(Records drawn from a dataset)
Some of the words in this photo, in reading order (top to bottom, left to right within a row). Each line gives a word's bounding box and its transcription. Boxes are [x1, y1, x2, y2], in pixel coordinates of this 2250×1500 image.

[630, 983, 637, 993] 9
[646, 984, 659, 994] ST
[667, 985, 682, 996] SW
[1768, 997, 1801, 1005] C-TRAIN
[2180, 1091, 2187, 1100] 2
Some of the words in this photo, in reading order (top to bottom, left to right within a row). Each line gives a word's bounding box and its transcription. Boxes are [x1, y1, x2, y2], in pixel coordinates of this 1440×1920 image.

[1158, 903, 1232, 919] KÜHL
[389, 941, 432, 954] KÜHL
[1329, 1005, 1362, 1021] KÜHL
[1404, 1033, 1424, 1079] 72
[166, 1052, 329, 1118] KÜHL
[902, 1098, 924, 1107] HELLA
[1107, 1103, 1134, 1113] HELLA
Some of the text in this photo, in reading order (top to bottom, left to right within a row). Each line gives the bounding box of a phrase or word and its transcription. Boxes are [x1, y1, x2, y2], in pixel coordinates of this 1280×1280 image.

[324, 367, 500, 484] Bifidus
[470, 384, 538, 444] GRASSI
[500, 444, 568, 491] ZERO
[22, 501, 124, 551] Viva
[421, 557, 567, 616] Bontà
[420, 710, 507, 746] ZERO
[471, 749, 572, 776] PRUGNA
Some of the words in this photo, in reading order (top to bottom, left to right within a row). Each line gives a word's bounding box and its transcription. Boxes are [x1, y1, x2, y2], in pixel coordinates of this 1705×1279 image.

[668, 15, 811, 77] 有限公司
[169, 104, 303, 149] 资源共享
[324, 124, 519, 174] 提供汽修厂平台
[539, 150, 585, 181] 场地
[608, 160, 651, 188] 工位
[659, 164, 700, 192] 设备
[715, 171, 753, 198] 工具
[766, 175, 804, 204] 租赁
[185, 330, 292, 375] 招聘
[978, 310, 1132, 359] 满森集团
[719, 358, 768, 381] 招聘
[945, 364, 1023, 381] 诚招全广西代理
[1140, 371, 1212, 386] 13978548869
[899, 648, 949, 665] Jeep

Brief -
Copy out every entry exactly.

Answer box -
Some of the words in this photo, in reading order (top to bottom, left to right within a row). Each line gives a word's bounding box and its transcription. Boxes are [x1, y1, x2, y2], in pixel coordinates of this 2250×1500 image.

[630, 983, 637, 993] 9
[646, 984, 659, 994] ST
[667, 985, 682, 996] SW
[1768, 997, 1801, 1005] C-TRAIN
[2180, 1091, 2187, 1100] 2
Some of the words in this photo, in reading order (top to bottom, left to right within a row). Each line gives a word's bounding box and its transcription. Boxes are [x1, y1, x2, y2], in pixel coordinates of this 1440×1920 image.

[1158, 903, 1232, 919] KÜHL
[389, 941, 432, 954] KÜHL
[1329, 1005, 1362, 1021] KÜHL
[1404, 1033, 1424, 1079] 72
[166, 1052, 329, 1118] KÜHL
[902, 1098, 924, 1107] HELLA
[1107, 1103, 1134, 1113] HELLA
Some of the text in this photo, in reading order (top to bottom, left to right within a row). Each line gives the bounding box of a phrase or word and its transcription. Boxes are [x1, y1, x2, y2], in pixel coordinates of this 1280×1280 image.

[324, 367, 500, 484] Bifidus
[470, 384, 538, 444] GRASSI
[500, 444, 568, 491] ZERO
[22, 501, 124, 551] Viva
[421, 557, 567, 616] Bontà
[420, 710, 507, 746] ZERO
[471, 749, 572, 776] PRUGNA
Some of the words in this photo, in reading order (top to bottom, left to right within a row). Each line gives a word's bounding box and its transcription. Boxes are [x1, y1, x2, y2], in pixel coordinates of this 1705×1279 image.

[668, 15, 811, 77] 有限公司
[169, 104, 303, 149] 资源共享
[324, 124, 519, 174] 提供汽修厂平台
[539, 150, 585, 181] 场地
[608, 160, 651, 188] 工位
[659, 164, 700, 192] 设备
[715, 171, 753, 198] 工具
[766, 175, 804, 204] 租赁
[185, 330, 292, 375] 招聘
[978, 310, 1132, 359] 满森集团
[719, 358, 768, 381] 招聘
[945, 364, 1023, 381] 诚招全广西代理
[1140, 371, 1212, 386] 13978548869
[899, 648, 949, 665] Jeep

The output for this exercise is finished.